EXTRACTED DATA
┌────────

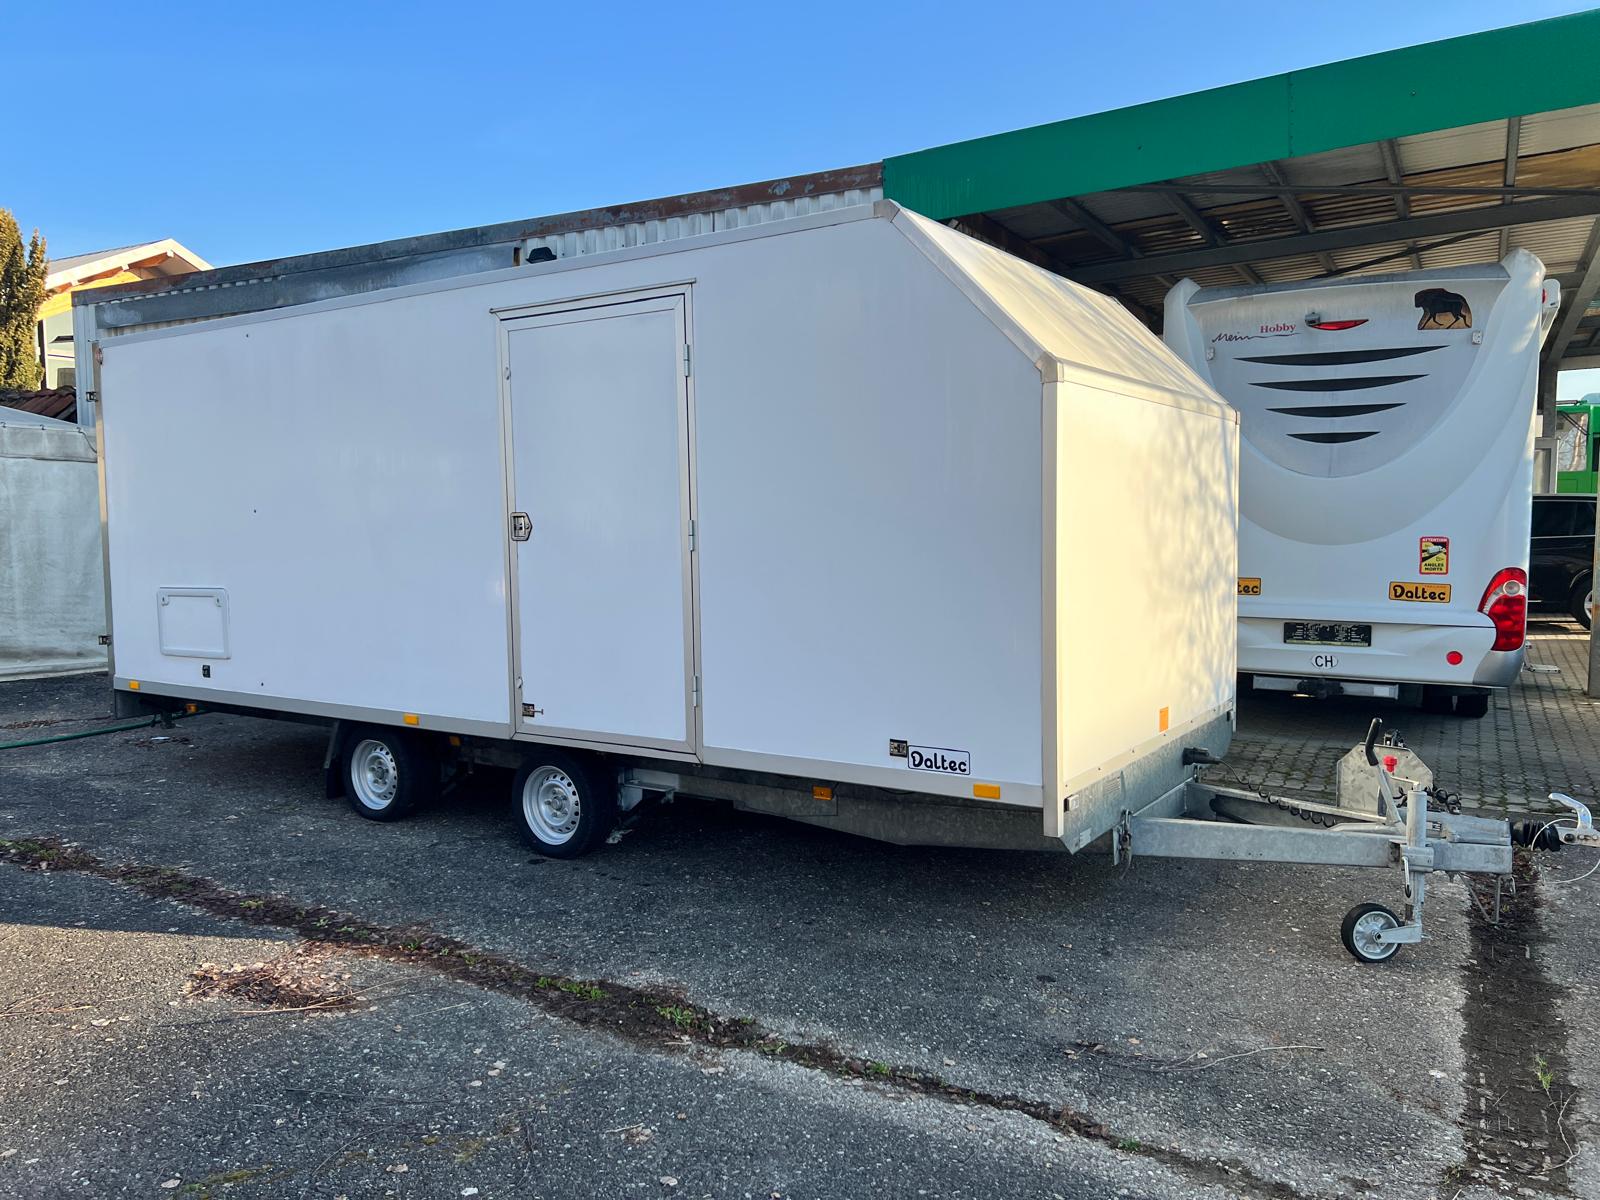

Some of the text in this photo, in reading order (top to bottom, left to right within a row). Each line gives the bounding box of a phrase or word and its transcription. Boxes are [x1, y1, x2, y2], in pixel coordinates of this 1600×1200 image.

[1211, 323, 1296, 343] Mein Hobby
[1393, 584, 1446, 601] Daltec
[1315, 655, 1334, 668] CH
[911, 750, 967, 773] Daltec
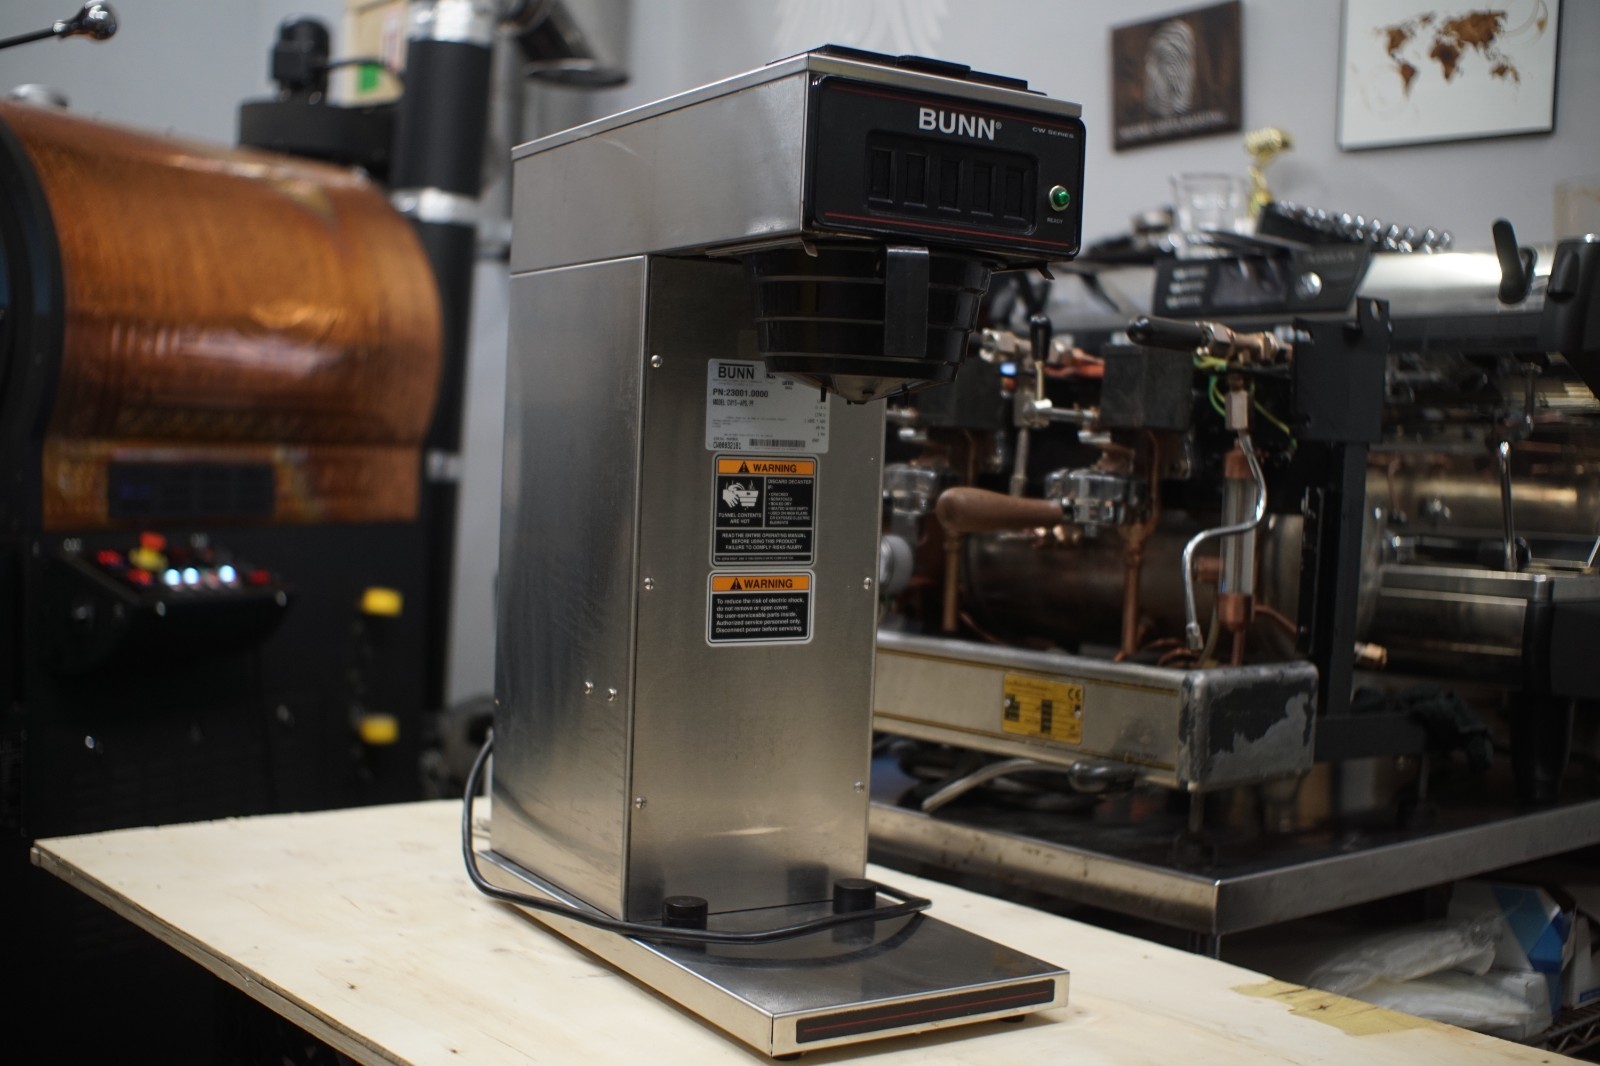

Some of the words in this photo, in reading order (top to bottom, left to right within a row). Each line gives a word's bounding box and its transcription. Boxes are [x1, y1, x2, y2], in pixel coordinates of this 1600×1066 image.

└────────

GOAL OF THE EXERCISE
Could you retype every record exactly, leaving the pictures out?

REPLY TO THE TASK
Some of the text in this photo, in reading order (top to bottom, left to right within a row). Each line gives the bounding box of a phrase or word and its transcription. Boxes are [x1, y1, x2, y2], in pixel coordinates of this 1600×1200 image.

[1211, 323, 1296, 343] Mein Hobby
[1393, 584, 1446, 601] Daltec
[1315, 655, 1334, 668] CH
[911, 750, 967, 773] Daltec

Some of the words in this photo, in reading order (top to bottom, left to right within a row). Each line gives a word's bounding box and its transcription. Boxes are [x1, y1, x2, y2], in pixel coordinates of this 1600×1066 image.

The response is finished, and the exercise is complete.